Water hyacinth makes good compost, good fertilizer and a good compost pile activator when added as a “green” layer.
Unfortunately, governments are usually less than open to alternative uses for unwanted species.
As C.J. Rogers commented on my recent video:
“Many years ago, my then-fiance and myself were volunteering for one of her company’s public service days. This occasion was a water-lettuce (an invasive FLA scourge very similar to water hyacinth) cleanup on the Wekiva River. The volunteers (mostly pasty faced office drones) paddled around in canoes, hauling tons of the floating lettuce aboard, then depositing on the beach. I wanted to bring a pick-up truck bed full home for my compost, but was informed by the official-looking, bossy lady with the clipboard that would not be permitted. OK, I just rolled my eyes and carried on with the clean-up. When I later inquired what they do with the dump truck load of lettuce we harvested, I was informed that it goes to the landfill. When I tried to engage the bossy lady about the possibilities of turning this invasive crap into gold through composting, instead of filling up the landfill, she quickly made sure everyone within earshot knew that she was infinitely more knowledgeable than this dumb hick. To my assertion regarding the tremendous amount of stored nitrogen and organic material, she assured me the plant (along with water hyacinth) had been studied and tested and there was no useful nutrients whatsoever to be had, and that it was useless in compost or as livestock feed. When I wanted to keep a cup full of the small crawfish and shrimp (the roots dangling from the floating mass are full of them) for bait that evening, same bossy lady informed me those were protected species and I was not to keep any. I think that was about the point I’d had enough of this know-it-all Yankee transplant bureaucrat, said screw it, and went and drank a beer or 7.”

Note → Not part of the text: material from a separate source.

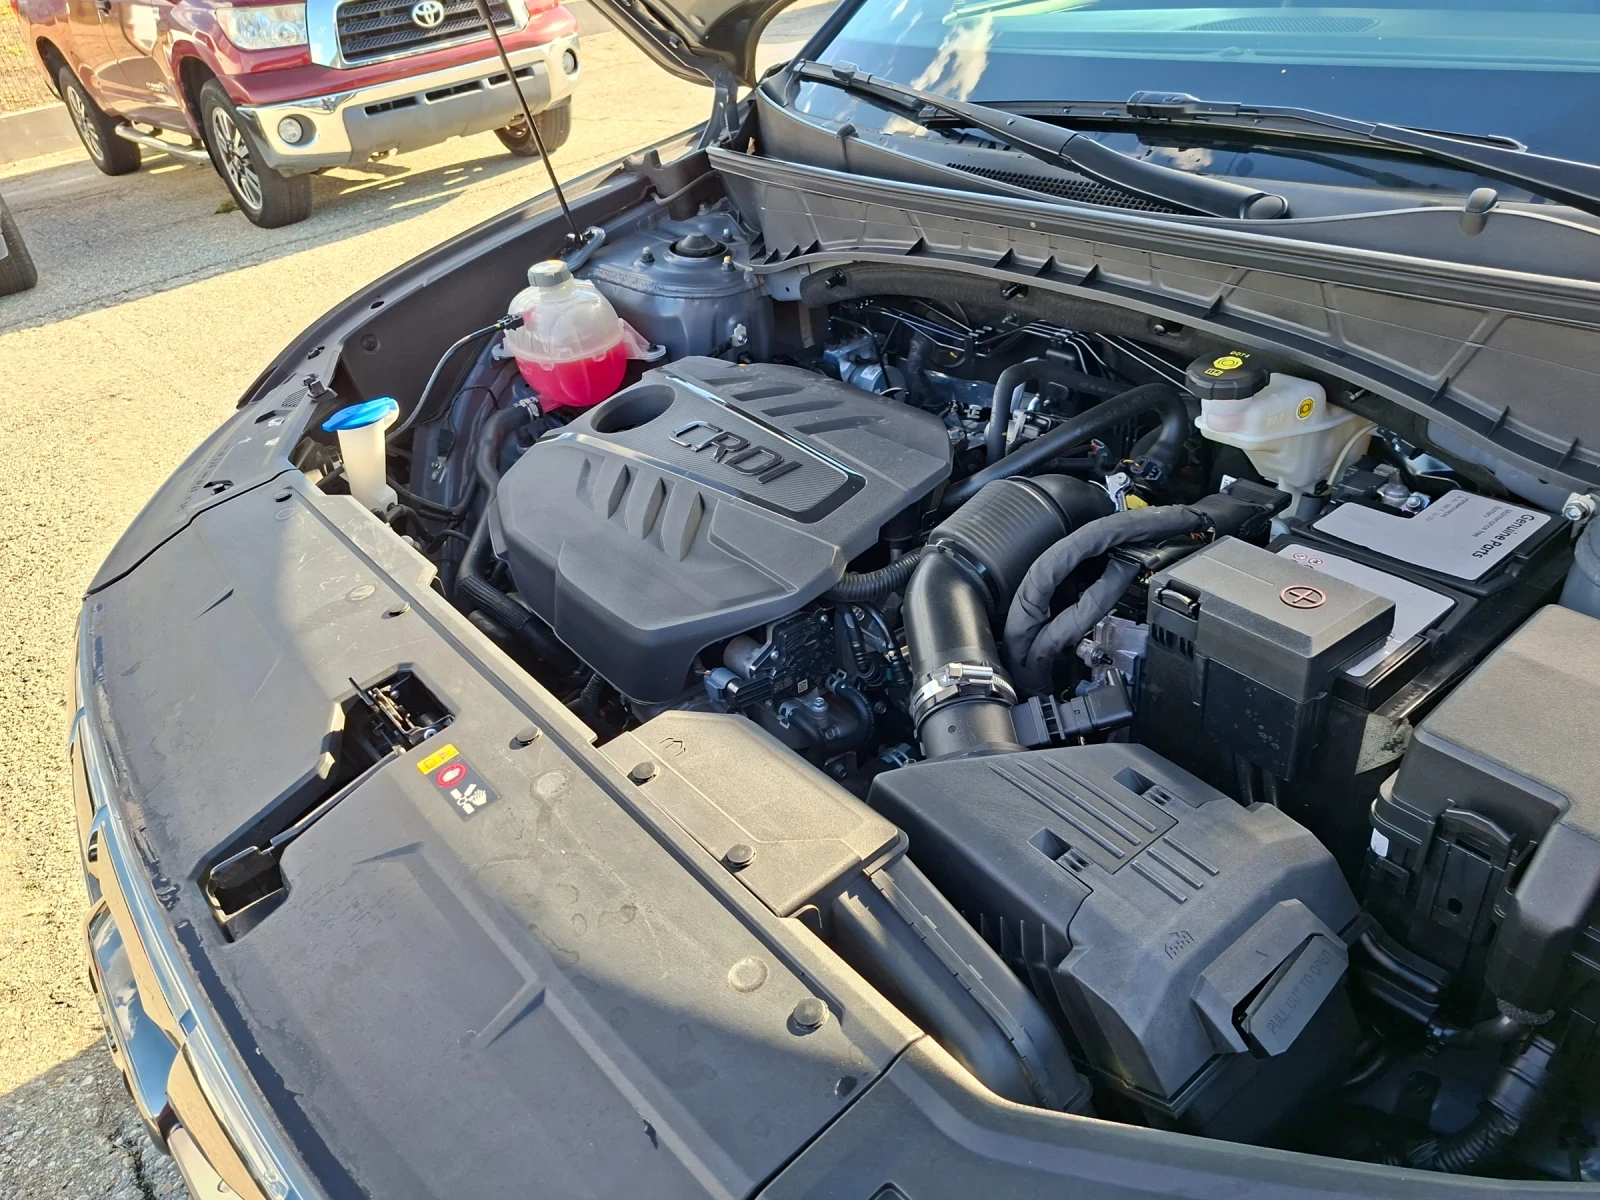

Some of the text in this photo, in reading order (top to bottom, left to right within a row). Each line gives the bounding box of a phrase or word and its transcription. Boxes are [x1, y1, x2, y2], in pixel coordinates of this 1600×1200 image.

[668, 420, 803, 484] CRDI
[1472, 514, 1535, 558] Genuine Parts
[1267, 949, 1334, 1034] PULL OUT TO OPEN
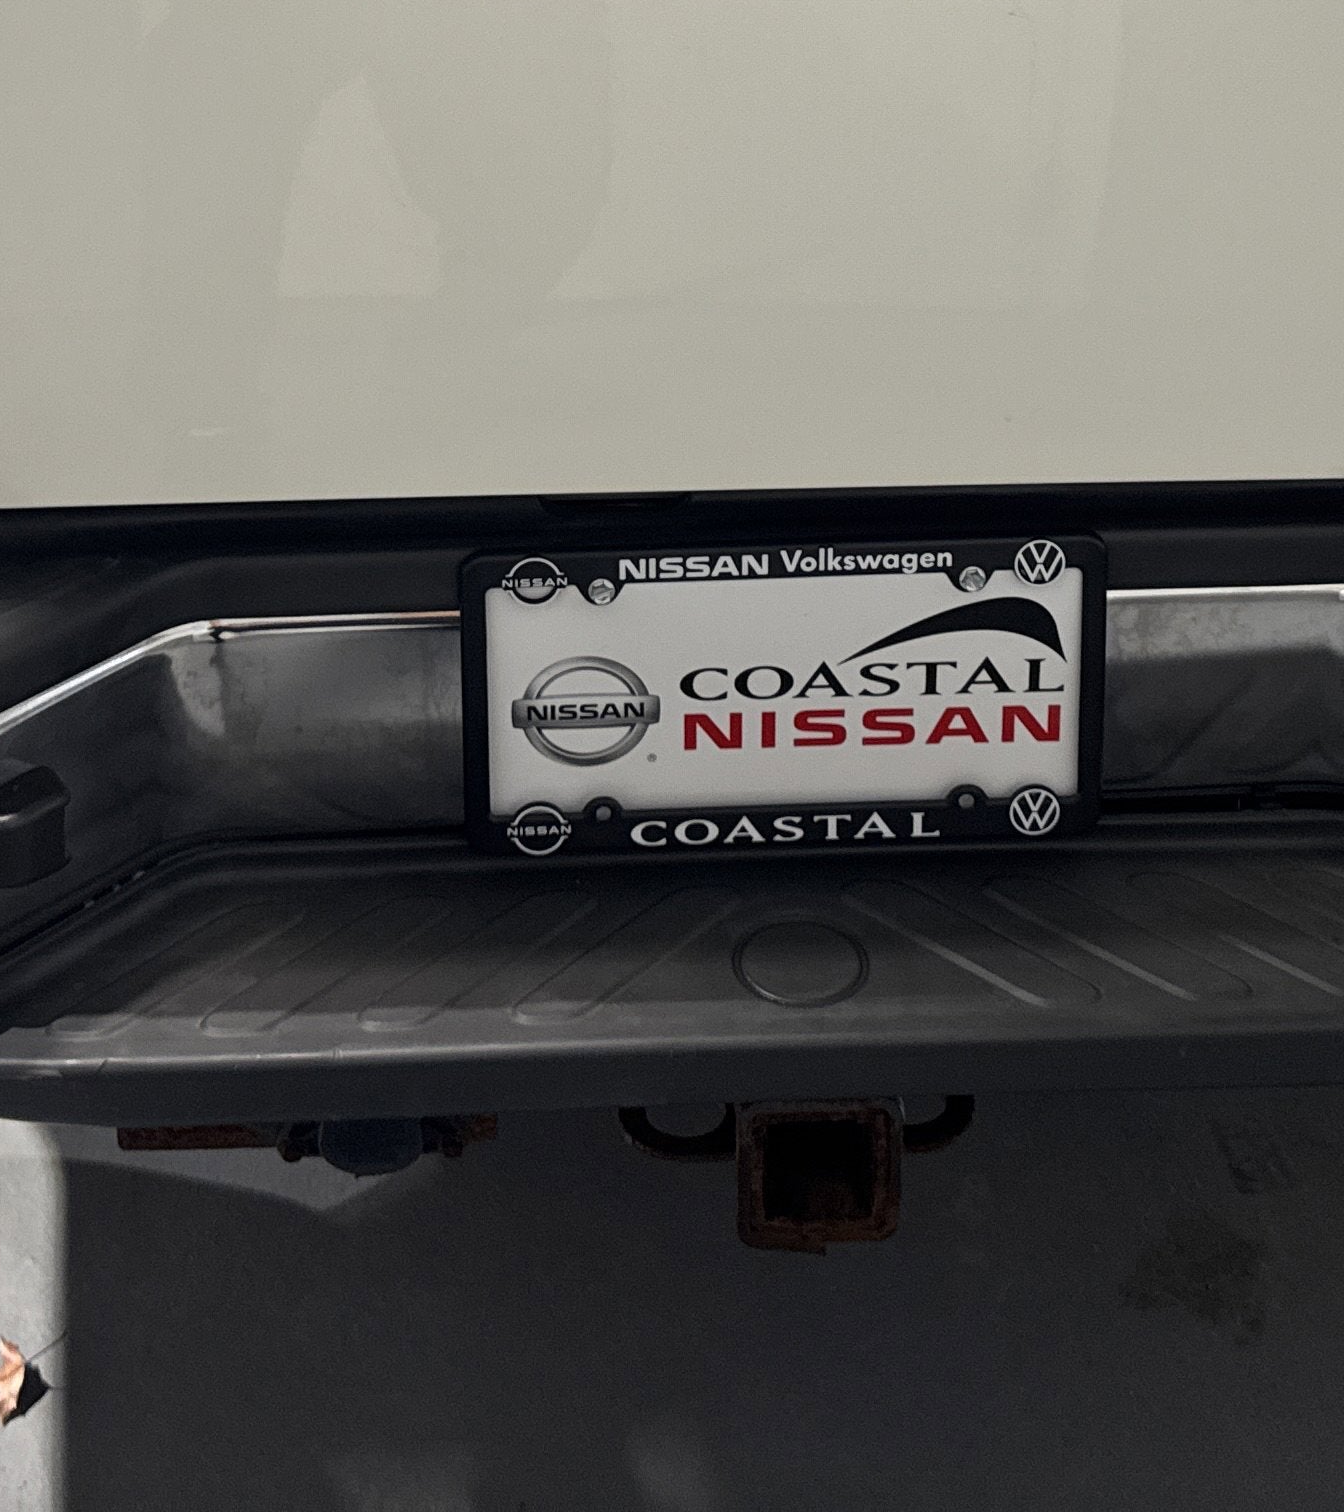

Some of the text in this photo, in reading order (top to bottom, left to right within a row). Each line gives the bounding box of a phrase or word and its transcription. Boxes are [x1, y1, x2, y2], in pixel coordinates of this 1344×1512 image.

Typical bureaucrat. Reminds me of some teachers I’ve known as well. Low IQ, inflated sense of their own importance.
While I don’t recommend introducing water hyacinth to new waters, it is a very useful species when contained. In ponds, it’s excellent as a renewable source of compost.
You can see more on how I use water hyacinth and other species in my film Compost Everything: The Movie.
4 comments
this is good, am a kenyan and am willing to change this invasive water hyacinth to something of more use, i need cooperates and people willing to work with me in this.
regards,
ounda khadiri
All you need is to get some and make compost or throw it around your fruit trees. No need for any other help. Just do it.
When using water hyacinth as fertilizer, does the hyacinth genes blend themselves into/attach to the gene structure of the plants benefiting from the water hyacinth?
John Baekr
No, I don’t think so. That would be highly unlikely.